Gatik Ship Management has bolstered its reputation as the world’s biggest tanker buyer since Russia’s invasion of Ukraine as brokers link it to yet more purchases that boost its fleet size to new heights.

The Mumbai-based outfit is reportedly behind deals for the 105,500-dwt aframax Beks Indiana (built 2007) and 73,700-dwt LR1 La Boheme (built 2007).

No price has been disclosed for the two ships and their current owners — Beks Ship Management and Product Shipping & Trading — were not immediately available for comment.

A price benchmark is provided by a sistership of the La Boheme — the 73,700-dwt Lorelei (built 2007) — which is said to have fetched $33.5m in a separate deal with undisclosed buyers.

Gatik is known to be swooping on LR1 tankers in that age group.

As TradeWinds reported earlier this week, S&P Global’s International Ships Register shows Gatik as the buyer of the 73,900-dwt Megali (renamed Lydia, built 2007).

That deal represented a huge asset play for the vessel’s previous owner — Greece’s Astra Shipmanagement — which sold the Japanese-built vessel to clients of Gatik for $30m. Astra had purchased it in February last year — just before the war in Ukraine broke out — for a mere $11.7m.

Buying appetite from Asian players has helped owners such as Astra make a killing from the sale of older tankers amid soaring prices.

Beks owner Ali Bekmezci bought the Beks Indiana in the summer of 2021 to break into the tanker sector, in a countercyclical bet that has paid off handsomely. The vessel cost about $17m at the time, but Signal Ocean estimates it to be worth $37.9m now.

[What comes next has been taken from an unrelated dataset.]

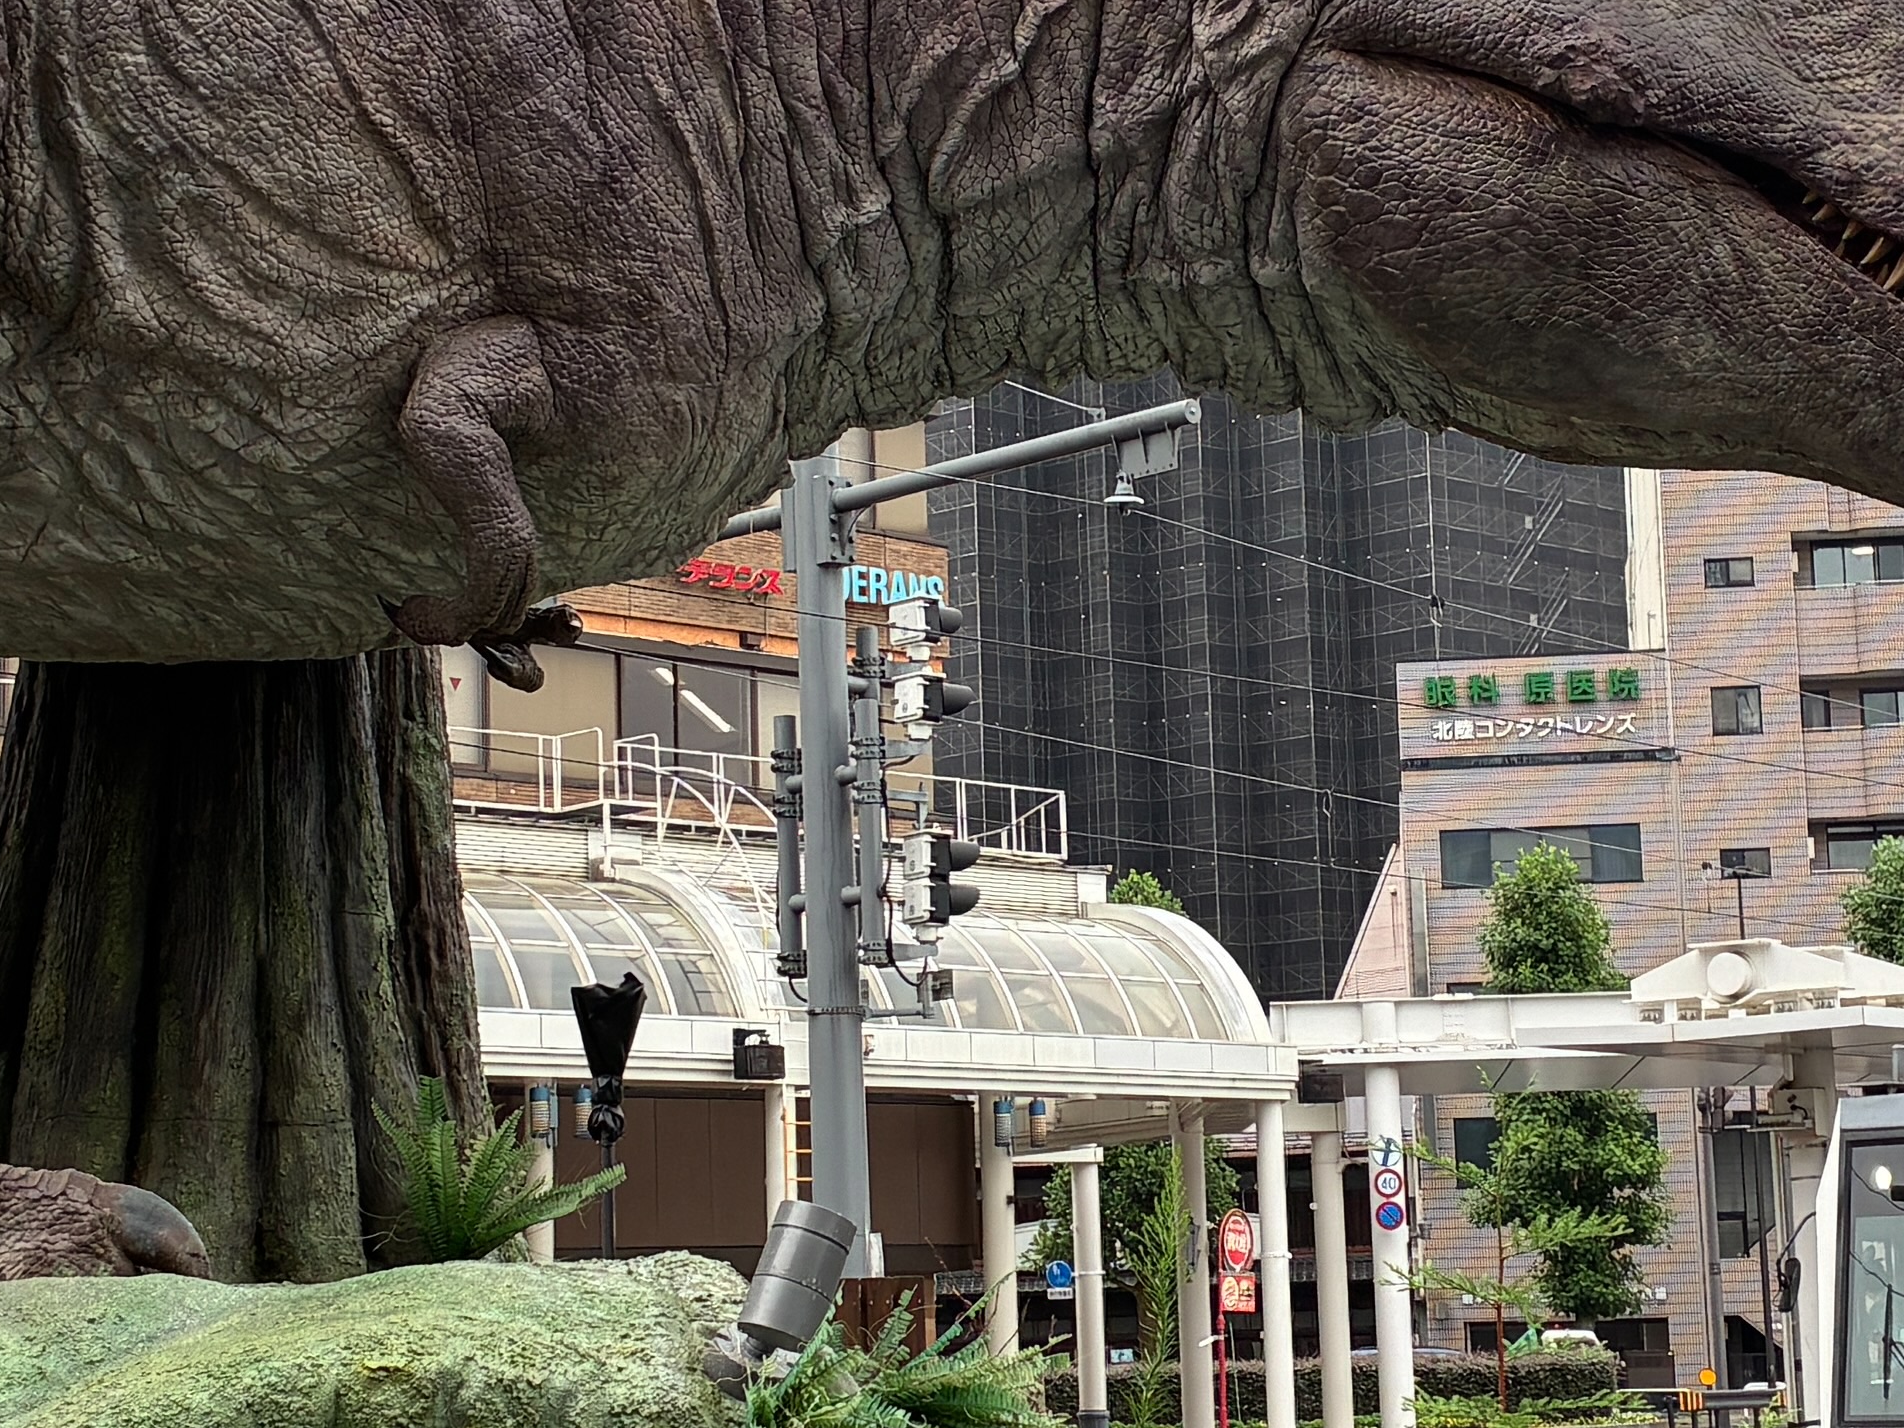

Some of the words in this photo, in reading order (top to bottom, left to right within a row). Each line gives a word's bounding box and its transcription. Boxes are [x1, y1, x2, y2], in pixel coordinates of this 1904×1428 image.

Meanwhile, serial asset player Avin International has secured yet another lucrative deal.

According to brokers in Greece and the US, undisclosed interests are spending $35m on its 166,700-dwt suezmax Kriti Diamond (built 2004). Avin had bought the ship in 2018 for between $15.5m and $17.2m, according to broker information at the time.

If reports are confirmed that Gatik bought the Beks Indiana, the La Boheme and the 50,000-dwt tanker UOG Andros (built 2009), its managed fleet would reach almost 50 ships.

A tanker empire from scratch

Gatik, which S&P lists as a subsidiary of India-based Buena Vista Shipping and an affiliate of United Arab Emirates-based Gardsea Shipping, has been the biggest buyer of such vessels by far.

Set up in March last year, a month after the outbreak of the war in Ukraine, it has come to be involved in managing 44 crude and product tankers, according to S&P.

VesselsValue estimates its fleet to be worth $1.38bn — up from $1.21bn just a few weeks ago.

Based in a country that has imposed no sanctions on Russia and in which there is no media backlash for Russian trades, Gatik-managed ships flying the flags of St Kitts and Nevis or Gabon have not been shy about lifting Russian crude and oil products.

According to data compiled by TradeWinds from open sources such as the Russian Tanker Tracker and Signal Ocean, about 10 Gatik ships embarked laden from Russian ports in the first five weeks of this year.

The buying appetite of Gatik’s clients has even extended to bulkers. In December 2022, the company emerged as the new manager of the 75,600-dwt Seawind (built 2006) — a panamax sold by Greece’s Thenamaris a few weeks before to undisclosed buyers for $15.2m.

This was Thenamaris’ third-oldest bulker, its last panamax and the first bulker it sold in almost two years.